Task instructions —
Could you repeat the records below exactly, leaving out any pictures?

Referring expression grounding data
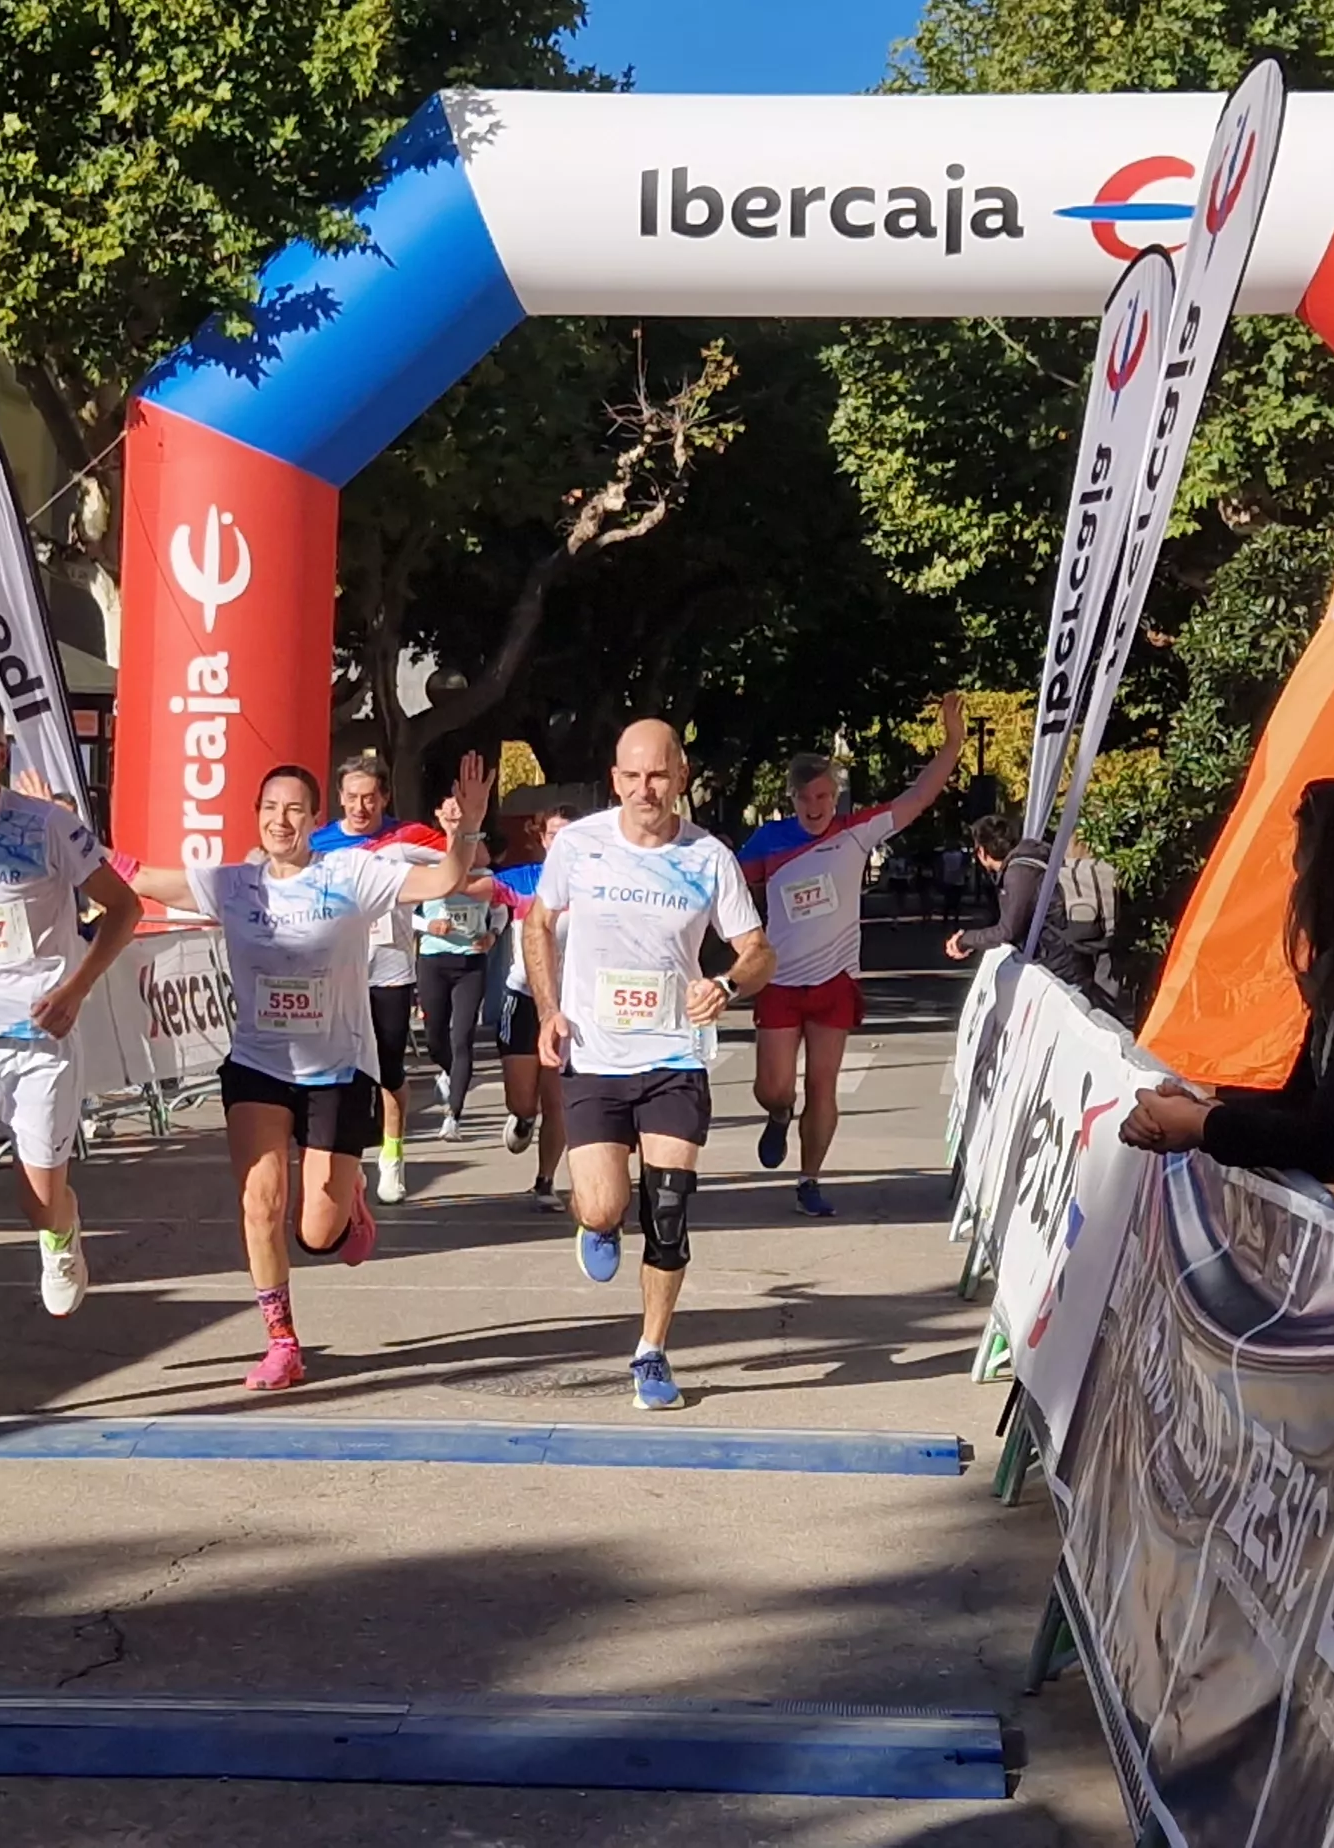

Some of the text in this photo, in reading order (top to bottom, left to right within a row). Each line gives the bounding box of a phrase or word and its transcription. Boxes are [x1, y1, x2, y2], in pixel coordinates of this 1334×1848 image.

[640, 163, 1024, 256] Ibercaja
[608, 886, 689, 912] COGITIAR
[794, 886, 821, 904] 577
[269, 992, 311, 1010] 559
[613, 989, 658, 1008] 558
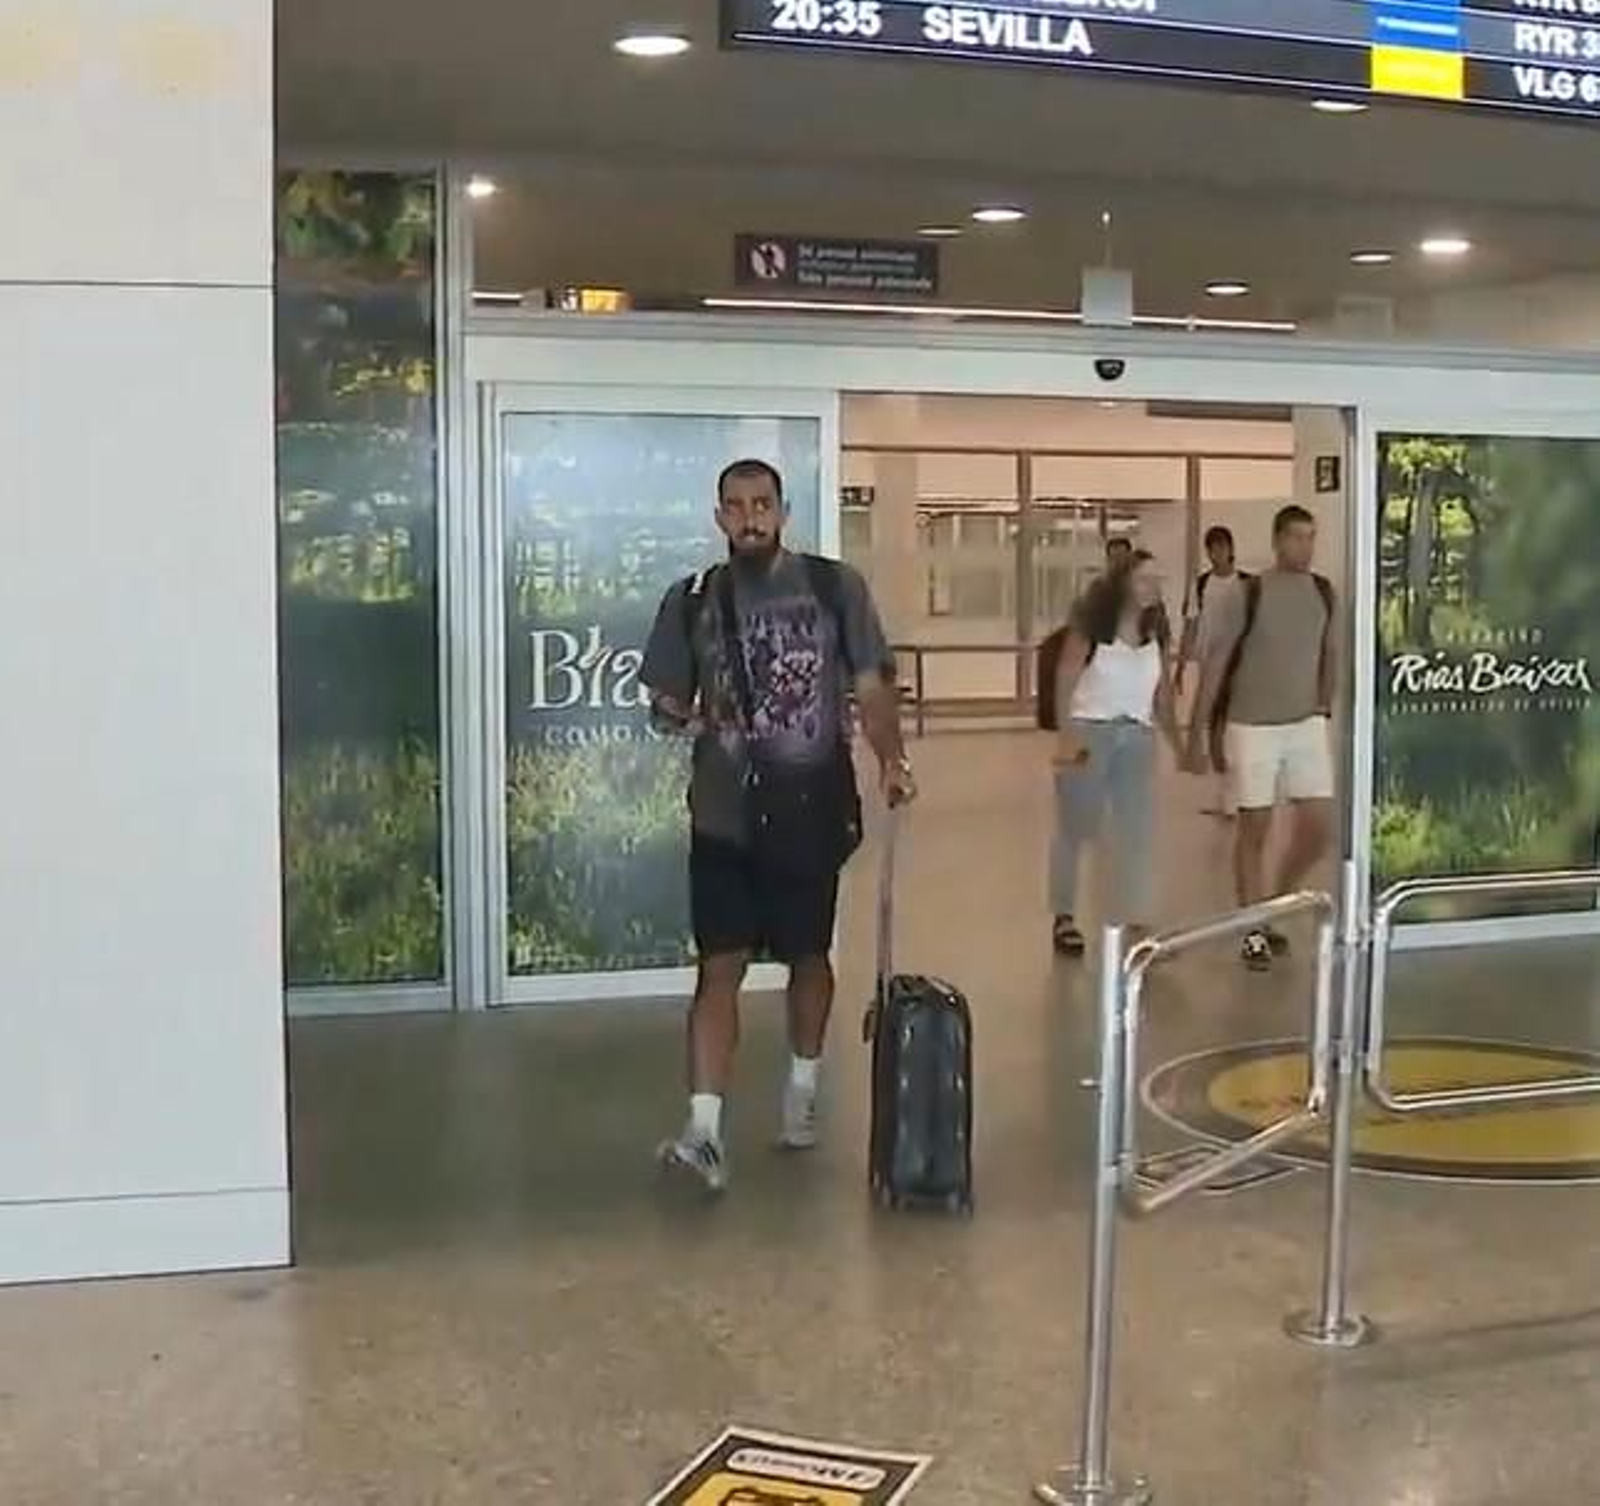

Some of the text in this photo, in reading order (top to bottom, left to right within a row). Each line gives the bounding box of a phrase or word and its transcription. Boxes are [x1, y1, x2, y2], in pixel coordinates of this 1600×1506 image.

Output of the task —
Some of the text in this photo, in reading order (top to bottom, left to right within a row). Each line gives the bounding box of a phrase or word and its transcription. Boxes are [x1, y1, x2, y2], in pixel coordinates of this 1334×1848 image.

[640, 163, 1024, 256] Ibercaja
[608, 886, 689, 912] COGITIAR
[794, 886, 821, 904] 577
[269, 992, 311, 1010] 559
[613, 989, 658, 1008] 558

Some of the text in this photo, in reading order (top to bottom, left to right within a row). Each line gives the bounding box of a phrase or word and its transcription. Boxes are [x1, y1, x2, y2], in pixel coordinates of this 1600×1506 image.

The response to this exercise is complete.